Y me miró. Cuando Emma sacó su billetero Sue-zin me observó, fugazmente, a la luz de una nueva percepción.
La suite Bateleur era de un lujo sobrevalorado, pero todo lo que Emma hizo fue asentir satisfecha como si más o menos correspondiese a sus expectativas. El botones negro (Benjamin, asistente de recepción) entró con nuestras maletas. Emma le deslizó un billete verde en la mano.
—Así está bien, déjelas aquí.
Él nos mostró los secretos del aire acondicionado y el minibar. Cuando se marchó, Emma dijo:
—¿Le parece bien si ocupo este?
Señaló el dormitorio a la izquierda de la sala de estar. Tenía una cama de matrimonio.
—Me parece bien.
Llevé mi maleta a la otra habitación, la derecha, dos camas individuales con las mismas sábanas de lino blanco de Emma. Luego eché una ojeada. Las ventanas con marco de madera se podían abrir, pero estaban cerradas por el aire acondicionado. Los dormitorios y la sala de estar en el centro tenían una puerta corrediza que daban al porche, en la fachada. El cierre no era muy sofisticado, la seguridad no era buena. Lo abrí y salí al porche. Tenía el suelo de piedra pulido, dos sofás y sillas tapizadas en cuero de avestruz, dos prismáticos montados en sendos trípodes y una vista de la charca, desierta, salvo por una bandada de palomas que bebían inquietas.

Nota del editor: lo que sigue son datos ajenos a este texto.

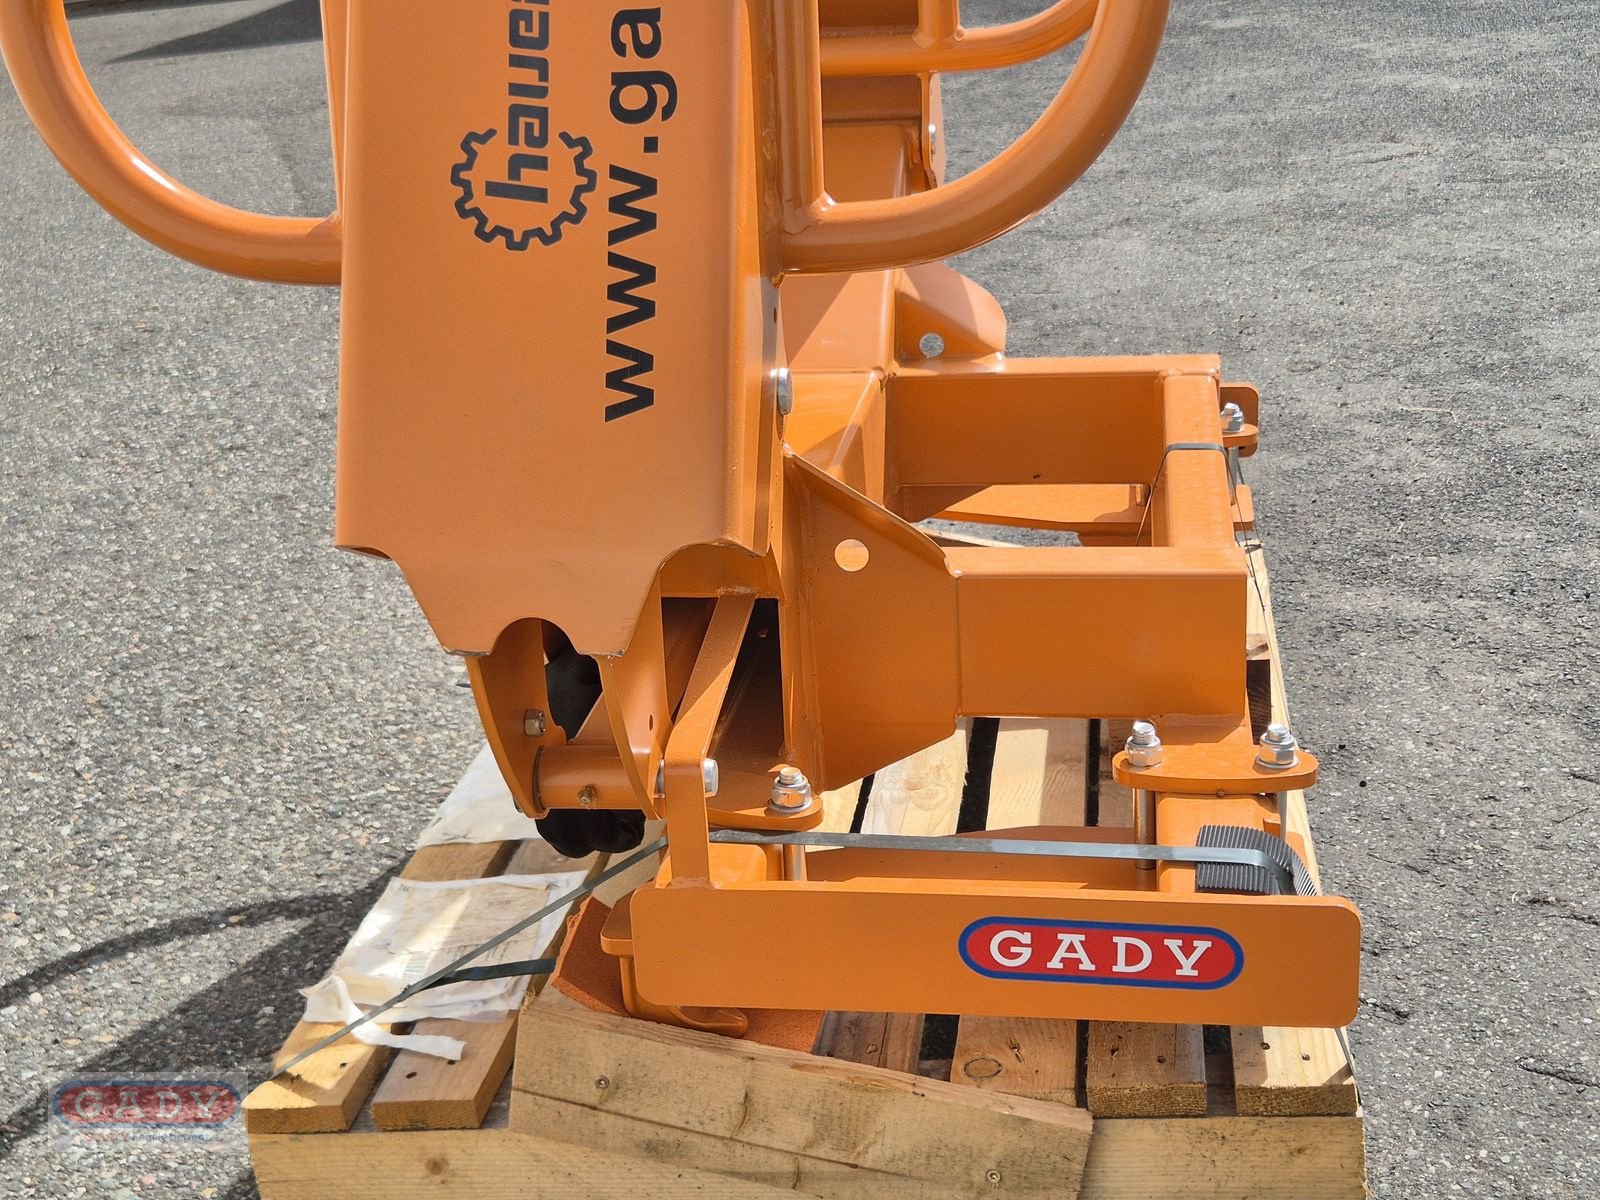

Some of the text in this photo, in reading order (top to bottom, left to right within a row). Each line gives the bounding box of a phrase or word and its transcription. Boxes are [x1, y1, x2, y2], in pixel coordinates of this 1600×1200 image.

[485, 0, 550, 204] haue
[604, 7, 678, 422] www.ga
[989, 929, 1212, 977] GADY
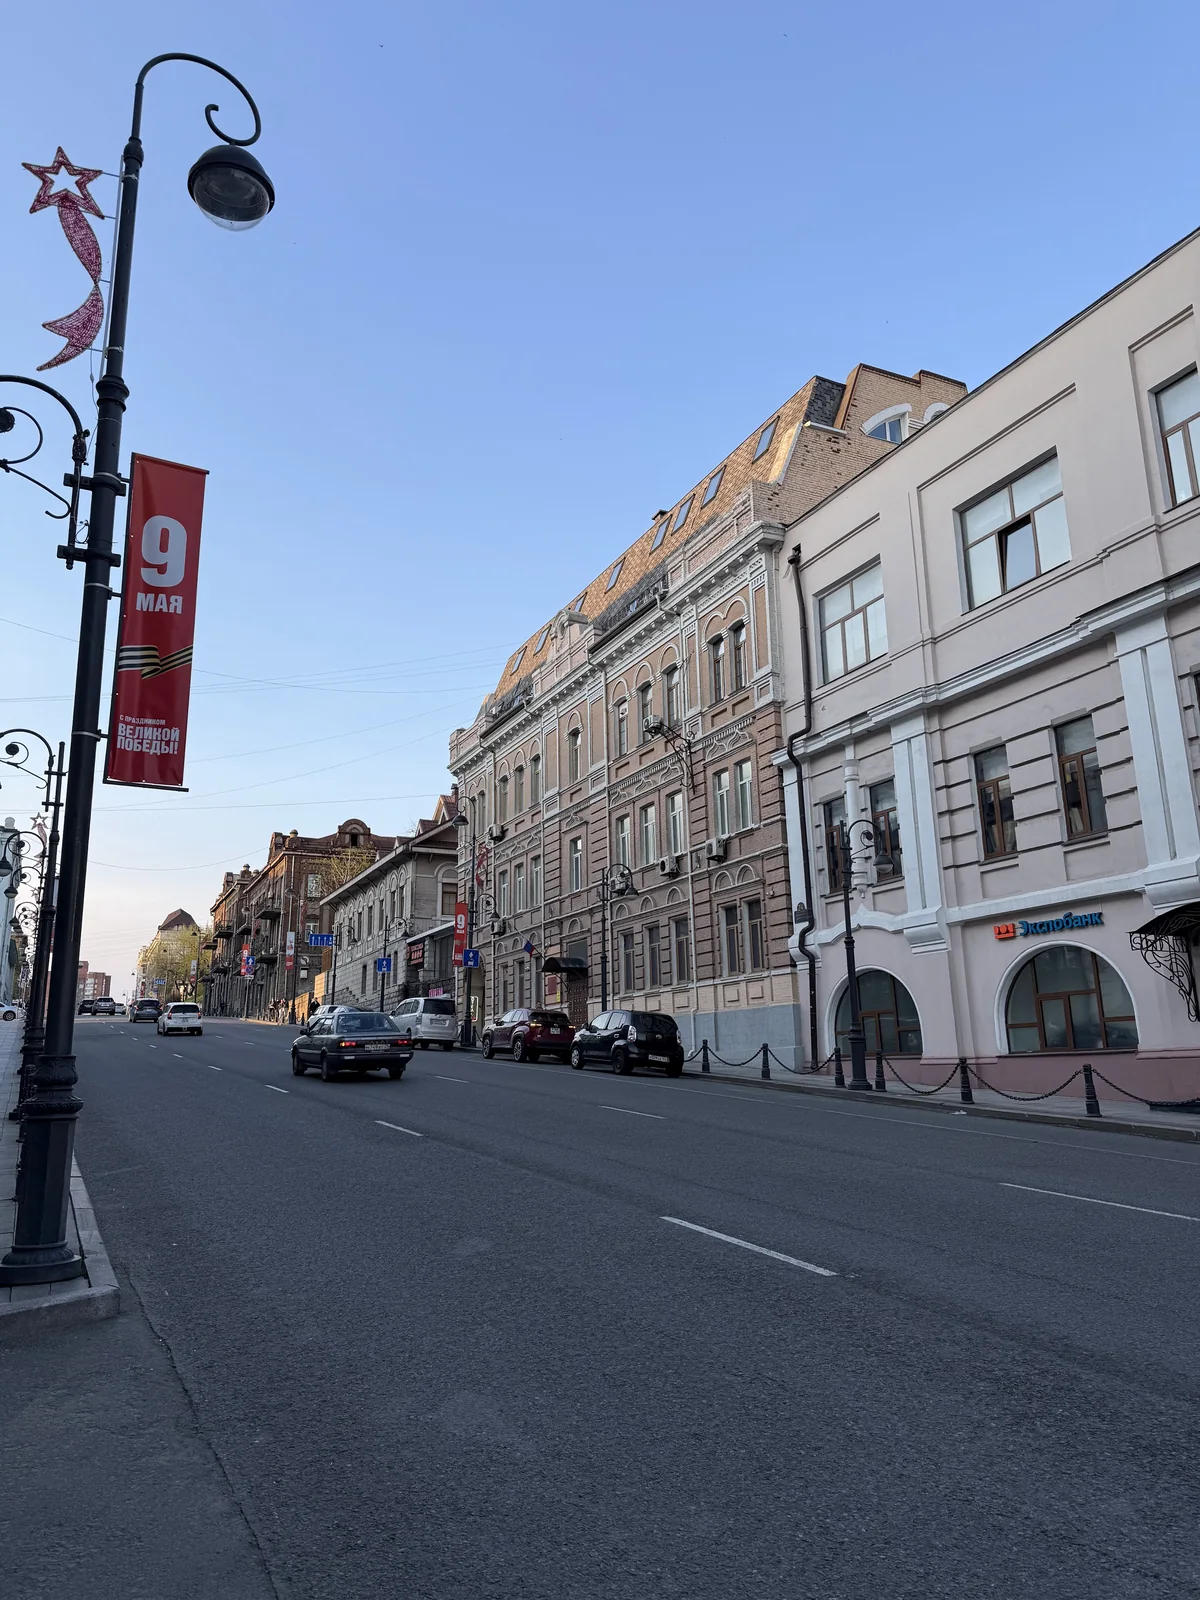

Caminé alrededor del edificio. Había una extensión de tres metros de césped. Luego, la sabana. Diseñado y ubicado para la intimidad. No se veía ninguna otra casa. Todas llevaban el nombre de alguna variedad de águila. No era muy halagüeño desde el punto de vista de un guardaespaldas.
En teoría, sin embargo, si alguien quería llegar hasta Emma, tendría que sortear la verja principal, escalar dos metros de una valla de tela metálica y caminar siete kilómetros por una sabana que era territorio de leones y elefantes. Pocas razones de qué preocuparse.
Entré. El frescor era reparador. La puerta de Emma estaba cerrada; oí el rumor de la ducha. Por un instante visualicé su cuerpo debajo del chorro de agua. Acto seguido fui a encontrarme con el agua fría de mi baño.